Barbara Thorson (Madison Wolfe) spends her free time in a little washed-ashore boat that she has transformed into a secret clubhouse. She’s the kind of kid a frustrated teacher might call “too smart for her own good.” Barbara can intellectualize her grief as a coping mechanism — she just can’t allow herself to feel it. Instead, she busies herself laying down protective talismans and conducting experiments to find which concoctions of whatever’s left in the refrigerator will attract the giants to her traps. She maintains control over life and herself with these rituals. So when the story introduces a school therapist, Mrs. Molle (Zoe Saldana), I was worried Walter was about to pathologize Barbara, and we’d get diagnoses of her being OCD or autistic, a tendency I’ve come to abhor in films. (Can’t kids just be weird?) But Walter keeps the psychological jargon and Molle’s professional thoughts at bay, maintaining a tight focus on Barbara.

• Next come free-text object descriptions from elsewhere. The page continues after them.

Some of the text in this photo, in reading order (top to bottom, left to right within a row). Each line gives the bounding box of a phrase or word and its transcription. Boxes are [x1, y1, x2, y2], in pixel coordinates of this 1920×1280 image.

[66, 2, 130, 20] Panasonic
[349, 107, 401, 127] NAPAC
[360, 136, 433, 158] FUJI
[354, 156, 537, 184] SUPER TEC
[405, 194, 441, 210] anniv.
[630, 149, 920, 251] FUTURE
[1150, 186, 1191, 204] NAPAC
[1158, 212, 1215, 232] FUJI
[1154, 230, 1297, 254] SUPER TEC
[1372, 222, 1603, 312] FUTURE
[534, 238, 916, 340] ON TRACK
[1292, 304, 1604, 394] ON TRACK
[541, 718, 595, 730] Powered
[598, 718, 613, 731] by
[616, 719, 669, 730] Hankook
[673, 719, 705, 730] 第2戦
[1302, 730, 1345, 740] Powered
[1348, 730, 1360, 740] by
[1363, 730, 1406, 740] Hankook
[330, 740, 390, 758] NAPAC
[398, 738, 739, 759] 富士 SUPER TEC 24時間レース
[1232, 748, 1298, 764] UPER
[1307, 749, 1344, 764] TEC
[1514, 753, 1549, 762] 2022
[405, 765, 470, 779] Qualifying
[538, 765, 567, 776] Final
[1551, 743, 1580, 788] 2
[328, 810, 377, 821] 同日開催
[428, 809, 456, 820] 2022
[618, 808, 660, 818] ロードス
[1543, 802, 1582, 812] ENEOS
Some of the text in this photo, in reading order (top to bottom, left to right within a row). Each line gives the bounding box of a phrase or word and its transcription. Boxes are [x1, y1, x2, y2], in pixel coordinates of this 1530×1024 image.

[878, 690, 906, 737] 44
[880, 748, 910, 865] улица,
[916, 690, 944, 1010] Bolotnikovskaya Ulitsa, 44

The film suggests Guillermo del Toro’s Pan’s Labyrinth, in the trust the director places in its child character to tell her own story without the adults butting in too much. Wolfe is a talent, simultaneously tough and tender in her performance. The young actor’s face flushes red as Barbara grows angry, and drains to white when Barbara knows she’s been caught in a lie. Wolfe gives Barbara the air of a girl who’s grown sweaty on the monkey bars at recess and refuses to come back to school when called, the kind of kid adults either want to punish or protect but whom they rarely understand.

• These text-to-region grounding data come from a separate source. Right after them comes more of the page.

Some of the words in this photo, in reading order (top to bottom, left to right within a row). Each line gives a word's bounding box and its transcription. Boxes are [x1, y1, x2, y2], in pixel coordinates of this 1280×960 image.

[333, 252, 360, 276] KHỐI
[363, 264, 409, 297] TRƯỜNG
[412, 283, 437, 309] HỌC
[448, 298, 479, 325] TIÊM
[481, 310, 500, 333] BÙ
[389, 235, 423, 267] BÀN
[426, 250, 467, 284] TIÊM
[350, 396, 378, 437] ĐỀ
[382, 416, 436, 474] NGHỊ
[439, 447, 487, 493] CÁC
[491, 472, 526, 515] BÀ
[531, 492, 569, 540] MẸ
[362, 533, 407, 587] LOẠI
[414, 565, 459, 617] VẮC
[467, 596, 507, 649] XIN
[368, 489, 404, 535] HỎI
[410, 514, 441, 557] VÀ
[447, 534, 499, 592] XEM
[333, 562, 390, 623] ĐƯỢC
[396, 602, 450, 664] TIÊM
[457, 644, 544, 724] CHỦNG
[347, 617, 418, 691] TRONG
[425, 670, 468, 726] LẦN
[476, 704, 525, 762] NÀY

If J.A. Bayona’s A Monster Calls (2017) had a messy, misbehaving kid sister, it would be I Kill Giants. The similarities in their storylines are undeniable. But Monster is more posh, riding on the Brit coattails of a Harry Potter adventure tradition, with its combo of large, austere homes and fantastical locations, while Giants takes place predominantly outside in an economically depressed town. Both display phenomenally breathtaking CGI animation, but Giants' effects sequences are fewer and further between. It’s Wolfe’s performance and the threat of a huge, crushing creature that drive the narrative.